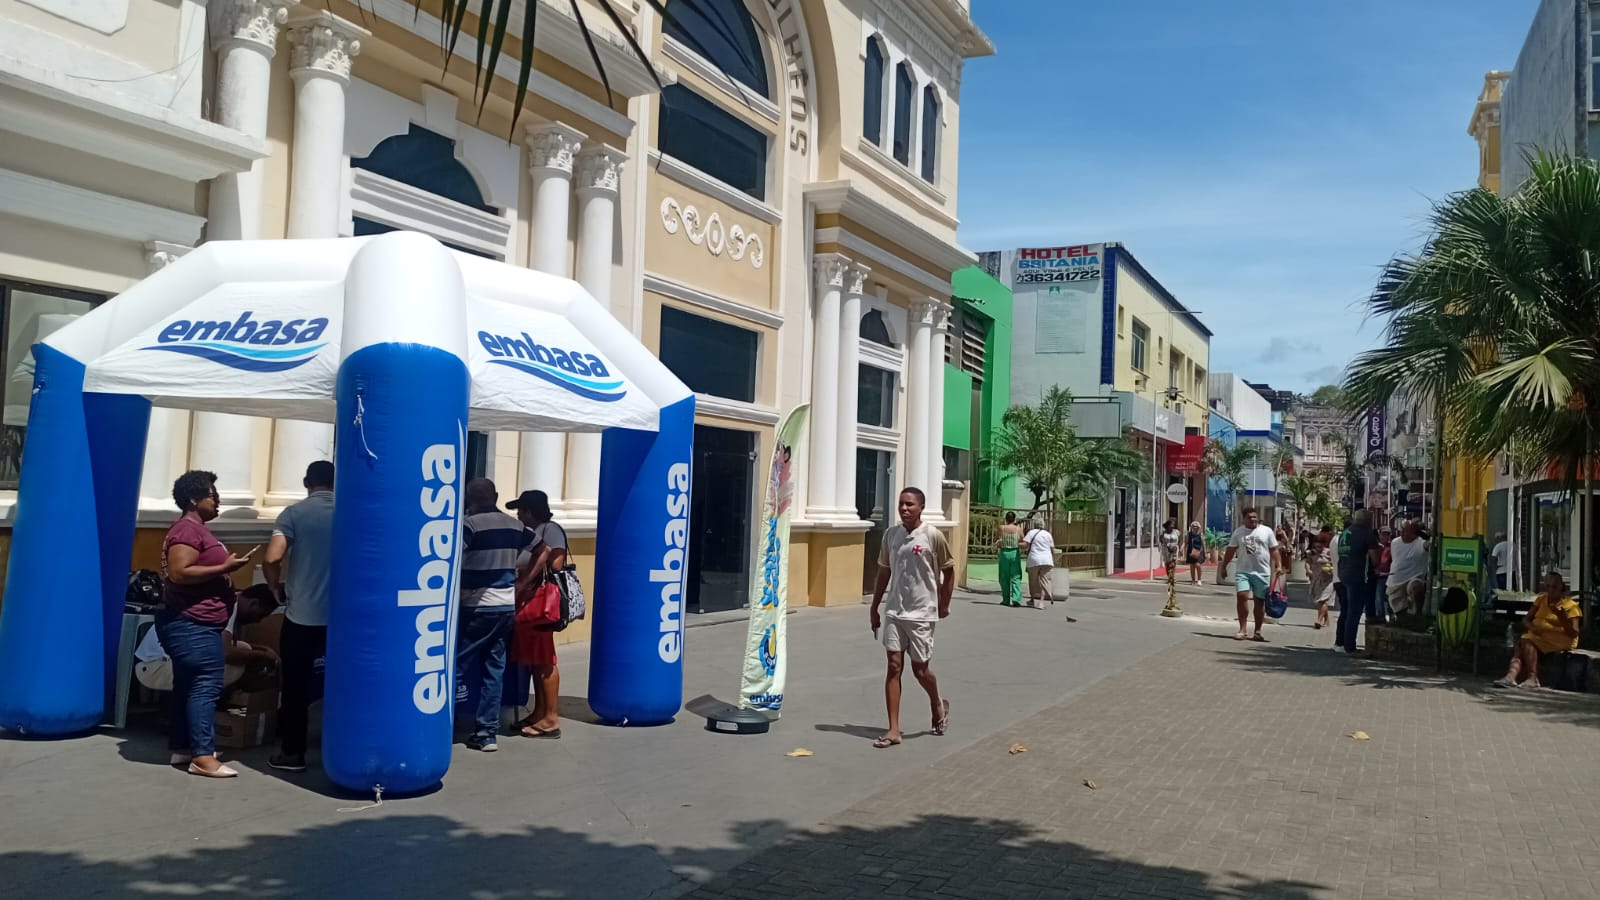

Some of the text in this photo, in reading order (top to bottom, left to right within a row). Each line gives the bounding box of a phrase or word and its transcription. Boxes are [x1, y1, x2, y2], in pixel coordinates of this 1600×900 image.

[1021, 245, 1098, 260] HOTEL
[1024, 270, 1100, 282] 36341722
[158, 311, 329, 345] embasa
[477, 331, 610, 377] embasa
[397, 444, 456, 714] embasa
[649, 462, 689, 664] embasa
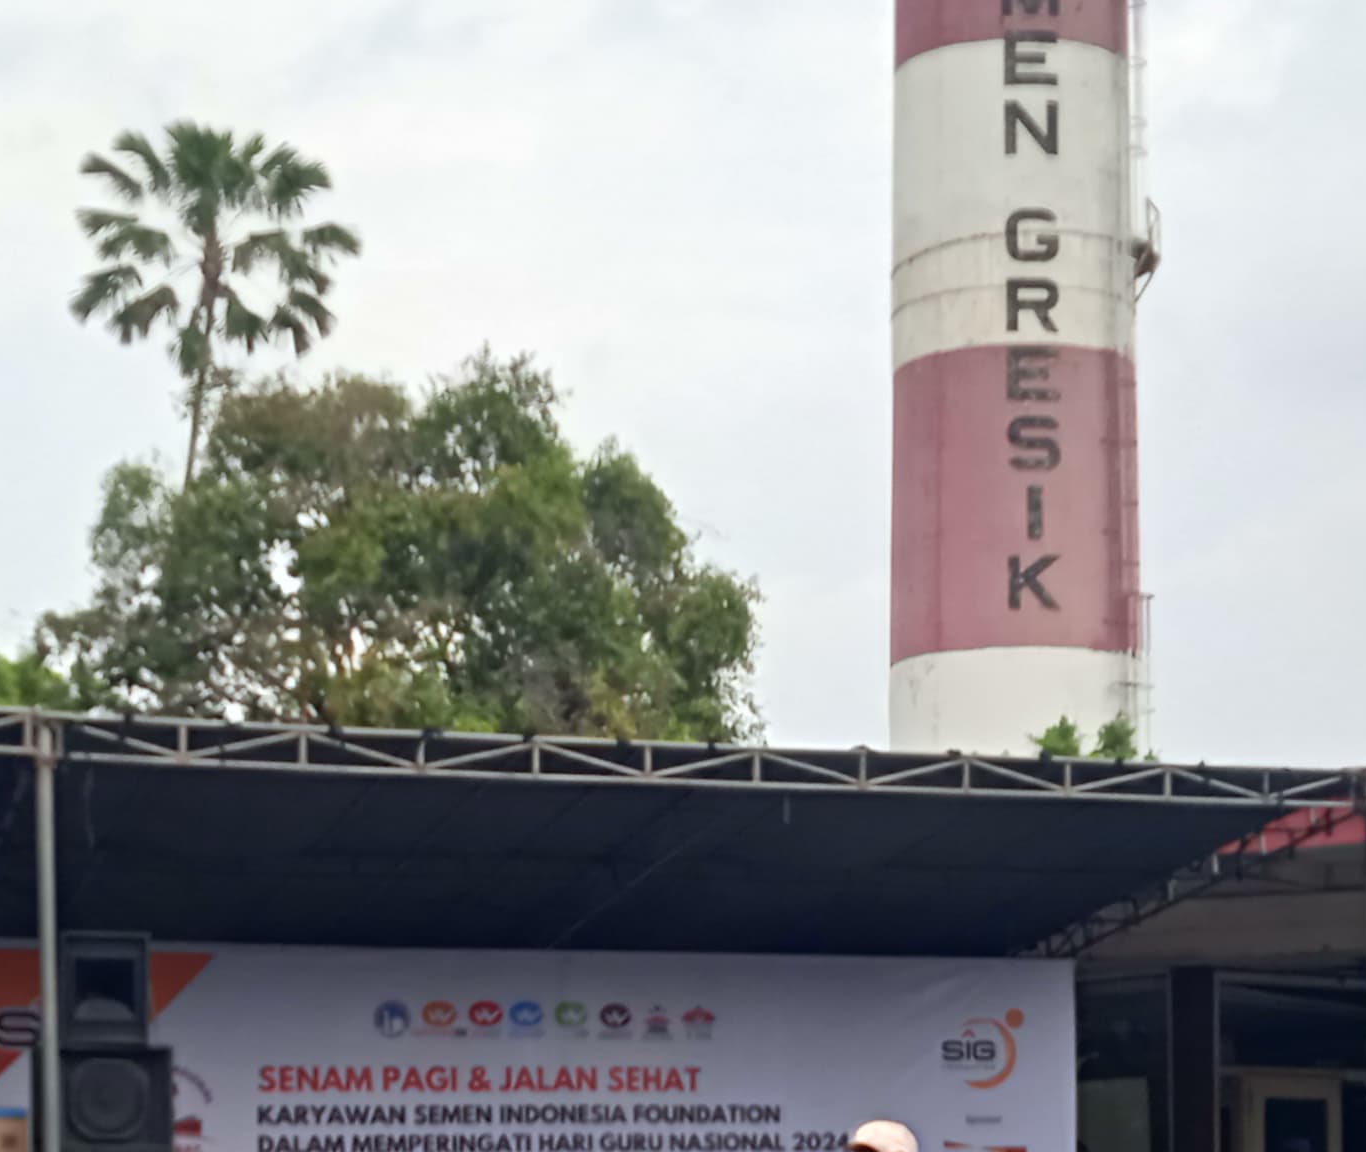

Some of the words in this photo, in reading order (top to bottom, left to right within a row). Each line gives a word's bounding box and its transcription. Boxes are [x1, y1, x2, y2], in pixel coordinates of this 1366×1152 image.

* About this exercise *
Reproduce the whole listing verbatim. Pictures stay out of the copy.

* Response area *
Some of the text in this photo, in reading order (top to bottom, left to right within a row). Each line gives the bounding box of a phrase or word and its transcription. Boxes are [x1, y1, x2, y2], in pixel coordinates of this 1600×900 image.

[1021, 245, 1098, 260] HOTEL
[1024, 270, 1100, 282] 36341722
[158, 311, 329, 345] embasa
[477, 331, 610, 377] embasa
[397, 444, 456, 714] embasa
[649, 462, 689, 664] embasa

Some of the words in this photo, in reading order (top to bottom, left to right within a row). Each line gives a word's bounding box and its transcription. Boxes are [x1, y1, x2, y2], in pixel coordinates of this 1366×1152 image.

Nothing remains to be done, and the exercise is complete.